[Task]: Each line of the material below is to be written out exactly. Leave out any picture.

----------

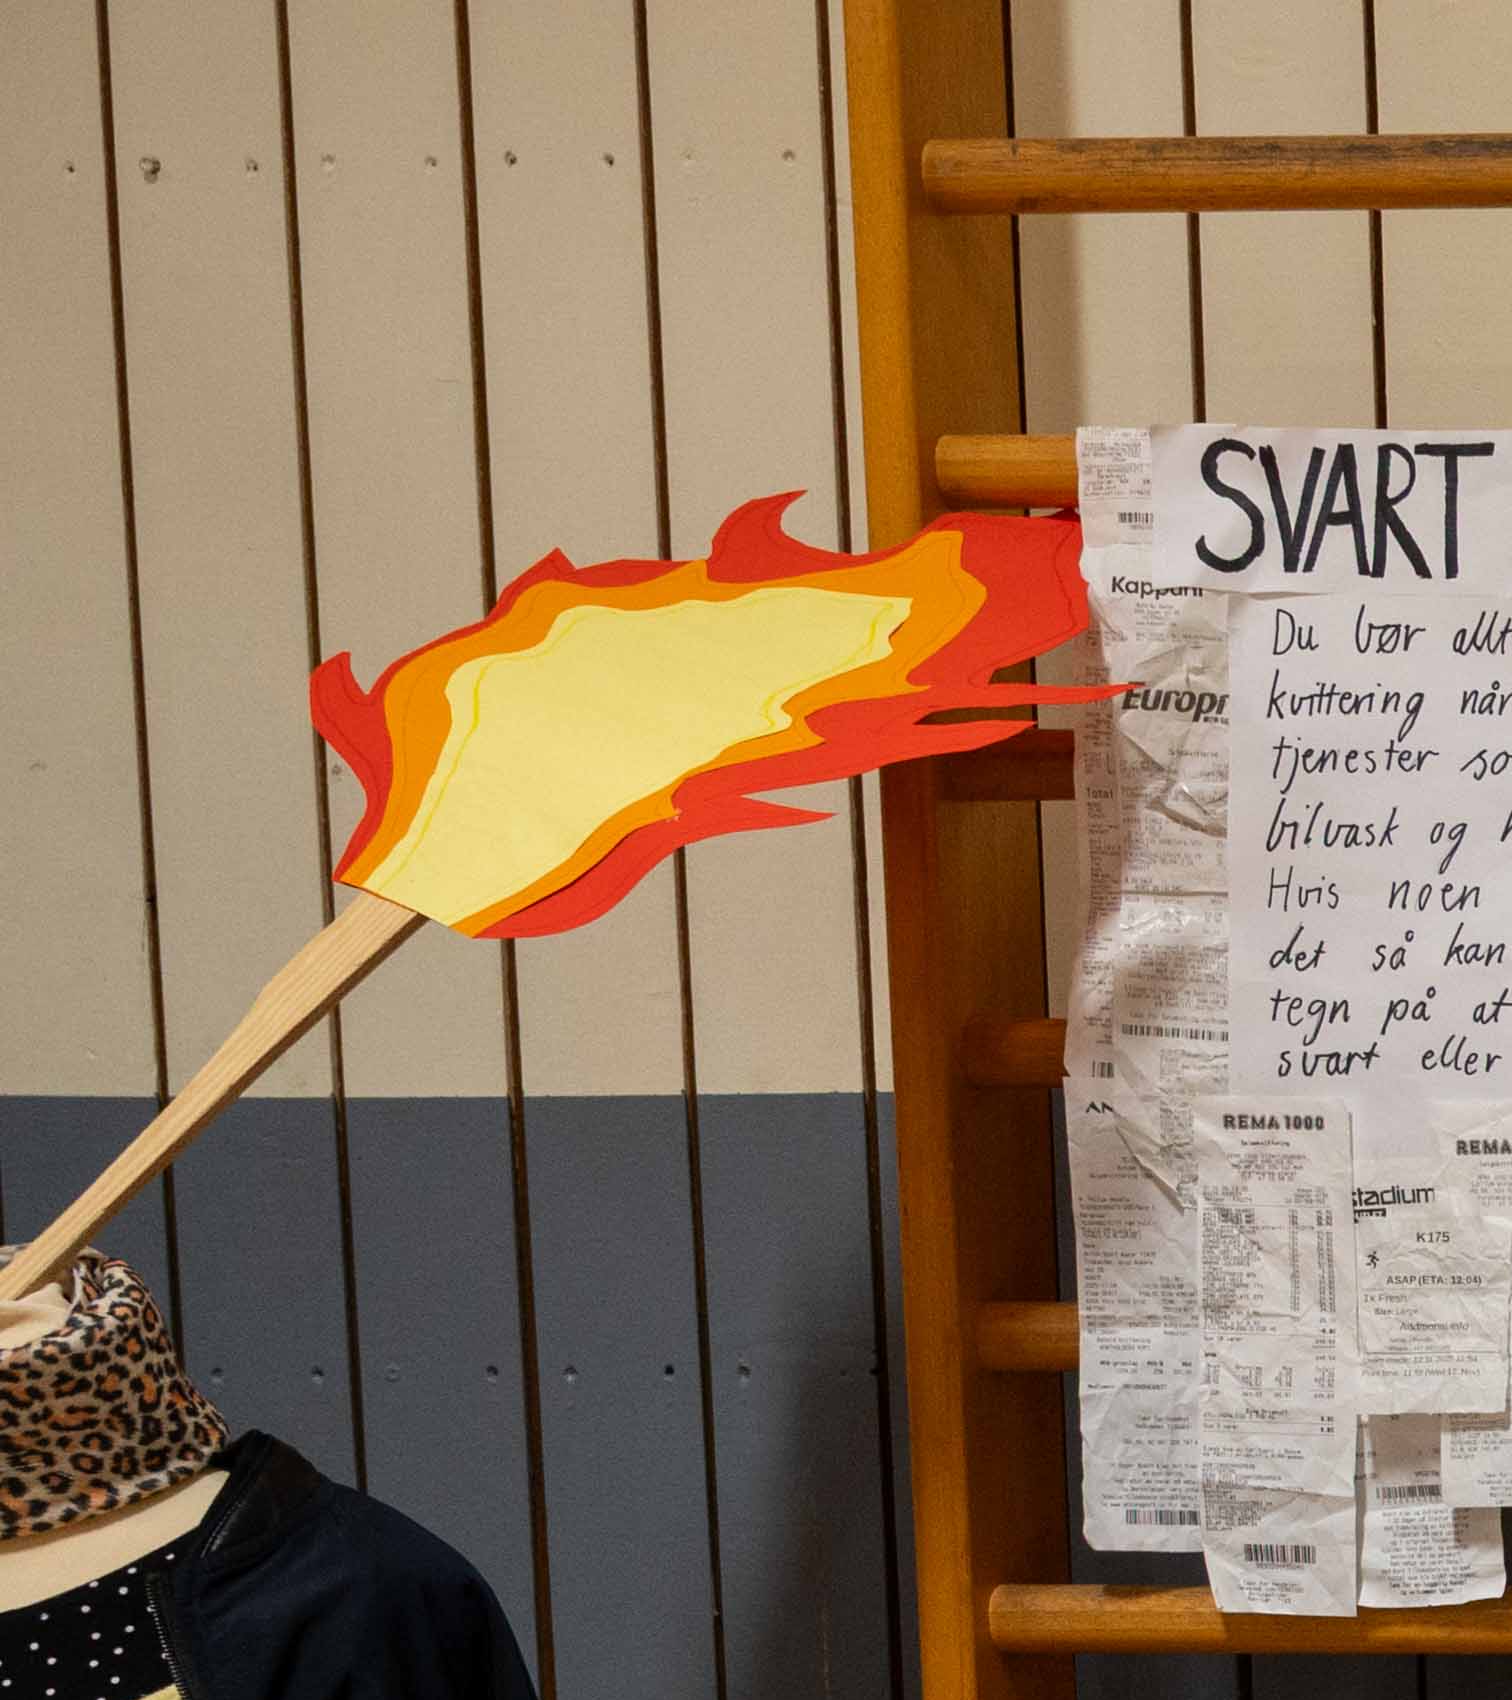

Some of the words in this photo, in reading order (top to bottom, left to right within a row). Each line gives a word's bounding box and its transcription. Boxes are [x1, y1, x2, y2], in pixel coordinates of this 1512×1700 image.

[1196, 441, 1494, 578] SVART
[1273, 608, 1319, 655] Du
[1355, 604, 1426, 654] bør
[1267, 669, 1424, 743] kvittering
[1273, 736, 1439, 795] tjenester
[1266, 798, 1399, 852] bilvask
[1430, 822, 1467, 868] og
[1268, 866, 1339, 912] Hvis
[1388, 880, 1480, 912] noen
[1269, 938, 1325, 972] det
[1372, 930, 1414, 971] så
[1444, 935, 1505, 966] kan
[1270, 989, 1350, 1046] tegn
[1380, 986, 1436, 1042] på
[1278, 1042, 1380, 1077] svart
[1421, 1042, 1502, 1075] eller
[1223, 1114, 1280, 1130] REMA
[1284, 1115, 1324, 1130] 1000
[1456, 1139, 1512, 1155] REMA
[1416, 1231, 1450, 1243] K175
[1387, 1275, 1416, 1284] ASAP

----------

[Answer]:
Some of the words in this photo, in reading order (top to bottom, left to right within a row). Each line gives a word's bounding box and its transcription. Boxes are [x1, y1, x2, y2], in pixel coordinates of this 1512×1700 image.

[1196, 441, 1494, 578] SVART
[1273, 608, 1319, 655] Du
[1355, 604, 1426, 654] bør
[1267, 669, 1424, 743] kvittering
[1273, 736, 1439, 795] tjenester
[1266, 798, 1399, 852] bilvask
[1430, 822, 1467, 868] og
[1268, 866, 1339, 912] Hvis
[1388, 880, 1480, 912] noen
[1269, 938, 1325, 972] det
[1372, 930, 1414, 971] så
[1444, 935, 1505, 966] kan
[1270, 989, 1350, 1046] tegn
[1380, 986, 1436, 1042] på
[1278, 1042, 1380, 1077] svart
[1421, 1042, 1502, 1075] eller
[1223, 1114, 1280, 1130] REMA
[1284, 1115, 1324, 1130] 1000
[1456, 1139, 1512, 1155] REMA
[1416, 1231, 1450, 1243] K175
[1387, 1275, 1416, 1284] ASAP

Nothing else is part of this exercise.